Health department: No national crisis

But Motsoaledi told Health-e News that he does not believe there is a national crisis.

South African Health Minister Dr Aaron Motsoaledi

“The burden, globally, of cancer is exploding. I have been in medicine for 34 years and I’ve never seen so many people with cancer, even at the younger ages,” he said. “It’s true there is an explosion like we’ve never seen before. It’s true cancer is expensive to treat.”

While breast cancer treatment is often cited, he said it costs almost R 1 million to treat one patient for colorectal cancer.

He said that the crisis in KZN is not indicative of a broader systemic crisis. He said the equipment in question: the “linear accelerator” machine, is the backbone of cancer radiation therapy. Two linear accelerators are out of commission at Addington Hospital in Durban as they were not maintained by the original manufacturer. The tender was instead given to a small company but Motsoaledi has intervened to bring the original manufacturer back on board.

“KZN doesn’t differ greatly from the leading provinces, they still have four functioning linear accelerators, Gauteng and the Western Cape have seven each, Free State has one and the North West has one,” he explained. “The biggest difference is the lack of oncologists but the linear accelerators should be back to six very soon.”

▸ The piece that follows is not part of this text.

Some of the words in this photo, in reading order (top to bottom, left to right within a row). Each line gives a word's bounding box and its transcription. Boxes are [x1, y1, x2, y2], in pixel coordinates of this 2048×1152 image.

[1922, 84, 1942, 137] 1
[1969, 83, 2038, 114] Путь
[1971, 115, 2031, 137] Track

Procurement capabilities to blame

He instead blames the lack of procurement capabilities given to KZN health institutions.

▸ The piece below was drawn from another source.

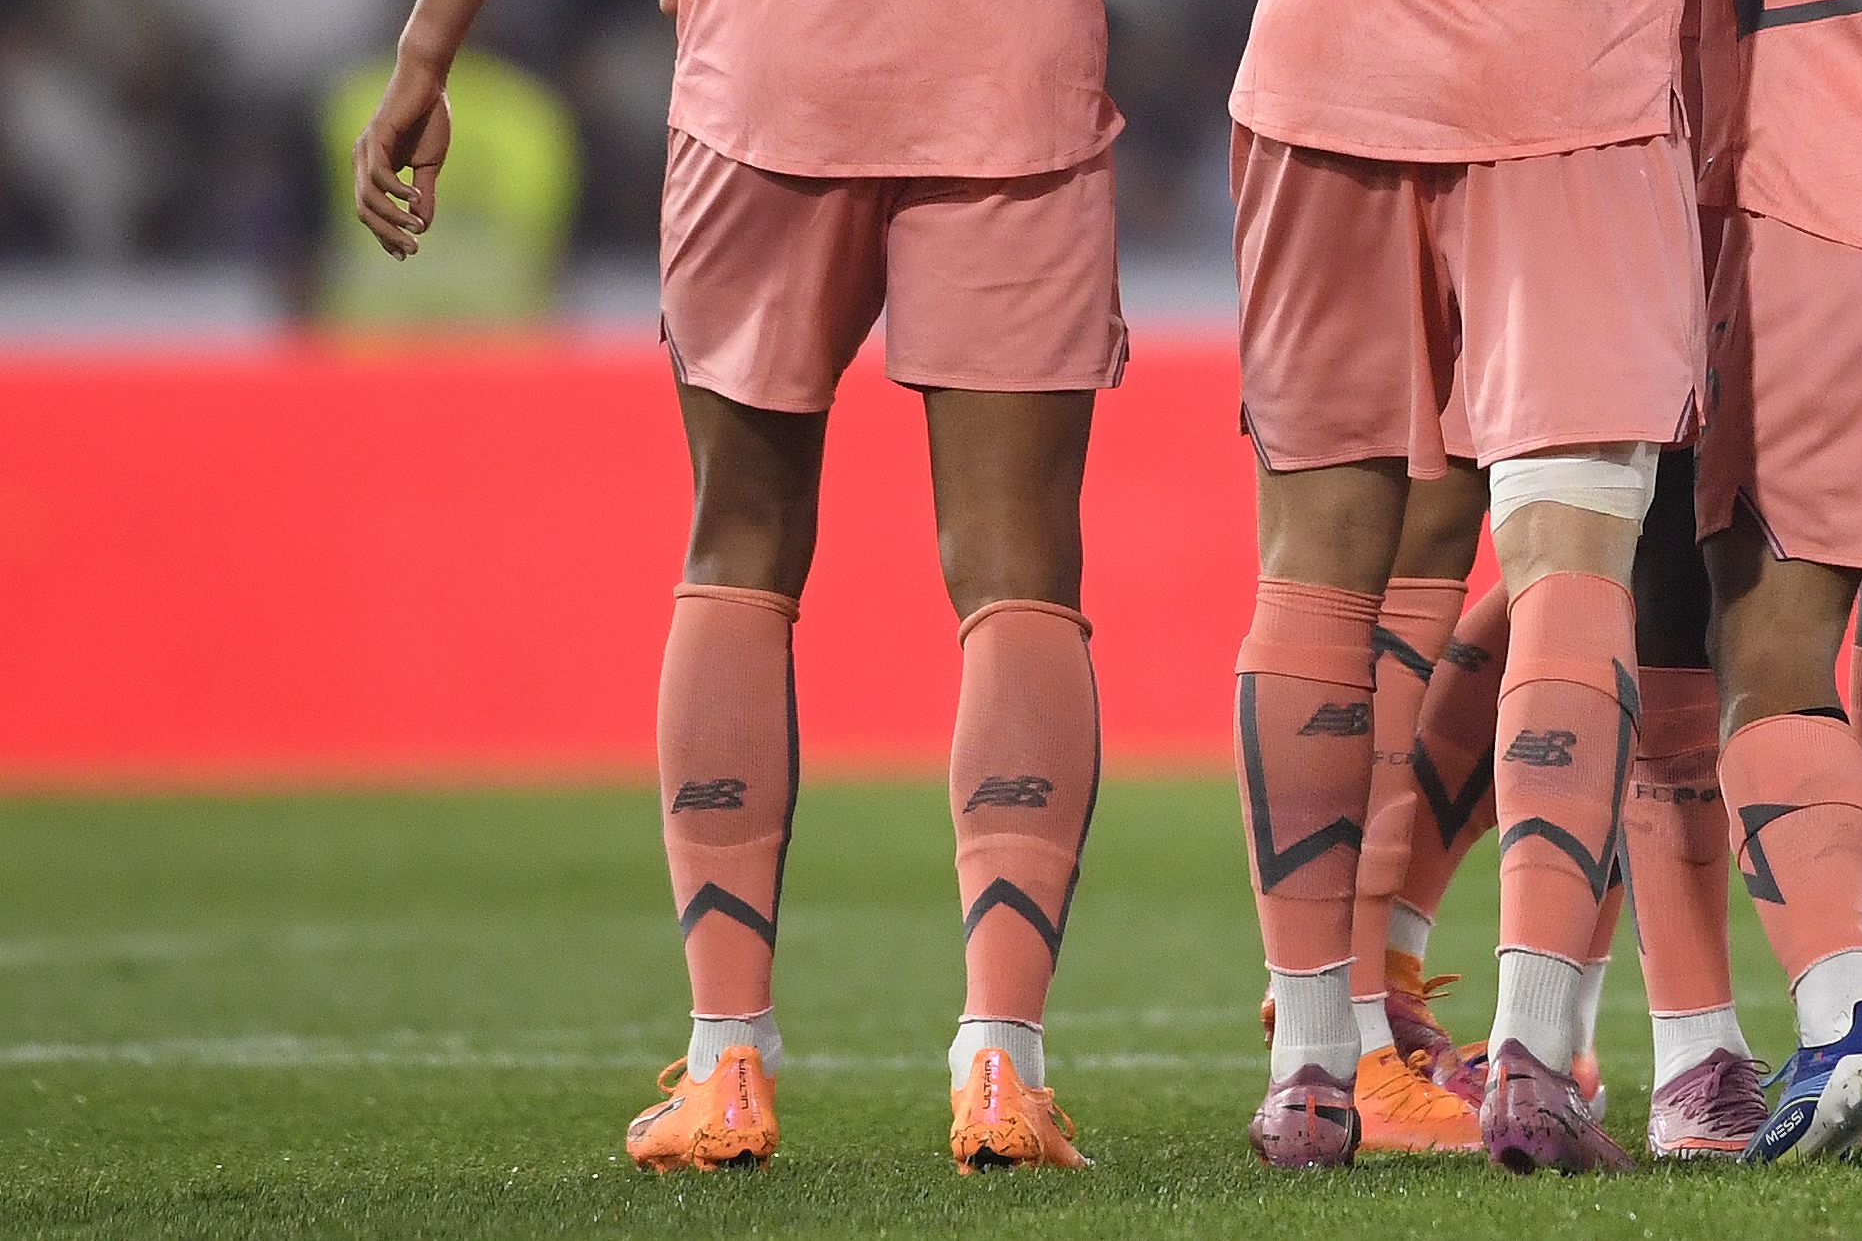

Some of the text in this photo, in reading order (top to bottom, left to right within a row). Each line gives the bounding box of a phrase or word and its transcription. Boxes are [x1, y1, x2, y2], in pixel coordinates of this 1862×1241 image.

[738, 1058, 749, 1110] ULTRA
[983, 1059, 992, 1110] ULTRA
[1765, 1107, 1805, 1146] MESSI

“The biggest problem was procurement. They could not even procure to maintain the machines. This combined with a lack of response from management lead to a crisis of carelessness,” said Motsoaledi.

He said academic hospitals in other provinces were given the power to spend up to half a million rand to buy what they need without asking anybody. This is not the case in KZN where costly items had to be approved by the Head of Department’s office which caused delays.

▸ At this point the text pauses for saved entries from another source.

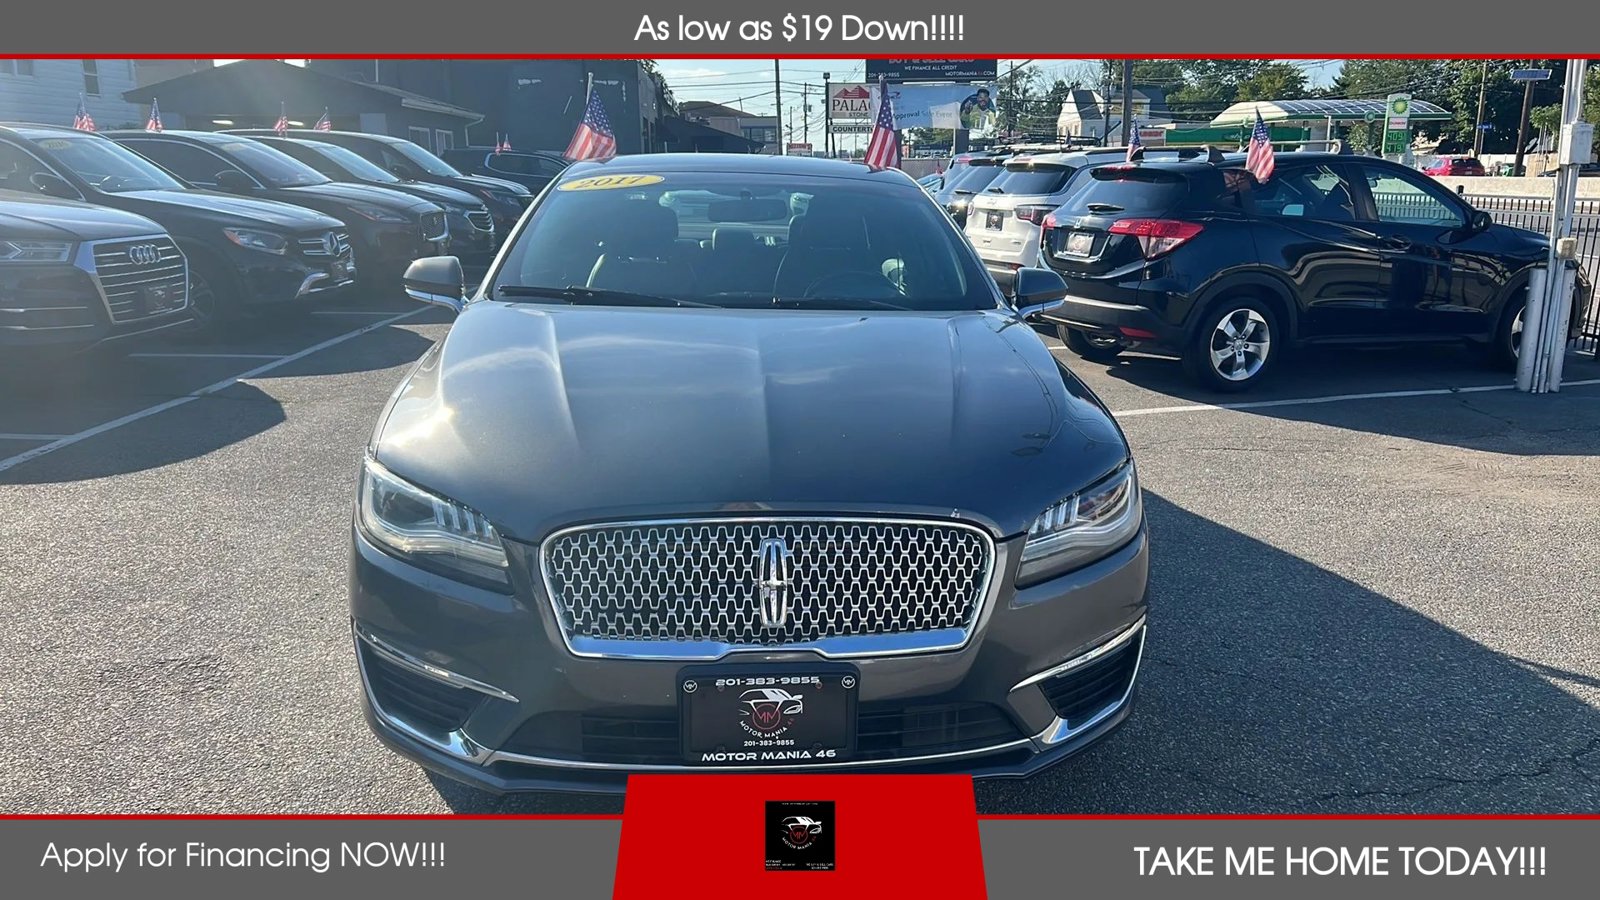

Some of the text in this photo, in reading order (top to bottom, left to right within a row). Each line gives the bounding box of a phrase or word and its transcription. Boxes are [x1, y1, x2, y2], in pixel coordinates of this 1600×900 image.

[575, 175, 646, 189] 2017
[715, 676, 820, 687] 201-383-9855
[740, 720, 763, 739] MOTOR
[764, 726, 788, 738] MANIA
[743, 739, 795, 747] 201-383-9855
[701, 749, 837, 762] MOTOR MANIA 46

“Teaching hospitals are huge. Their budgets are often bigger than some small countries. Last week I sent the deputy director general for corporate services to go to KZN to force them to give adequate delegation budgets to their academic hospitals to avoid these problems in future,” he said.

He said KZN was the only province which managed academic hospital budgets so stringently.

There is also a plan to expand the number of linear accelerators in the public sector especially in provinces which have none. Motsoaledi said specialist teams could be flown to the equipment instead of making patients travel for treatment.

Finally, his department has been working to develop a National Cancer Control Plan which is almost finished. He said the plan could be revealed at the next sitting of the National Health Council in September or he would call a special meeting of the Council if the plan is ready before that time.

In the meantime, Maria said she is telling her mother’s story so that women, especially, can get the treatment they need from the health system: “There is a big hole in my heart when I think about the way she was treated. She died in my hands. She died while I watched her in my hands. This has to stop. What if this happens to me or my little sister? Will we get help?”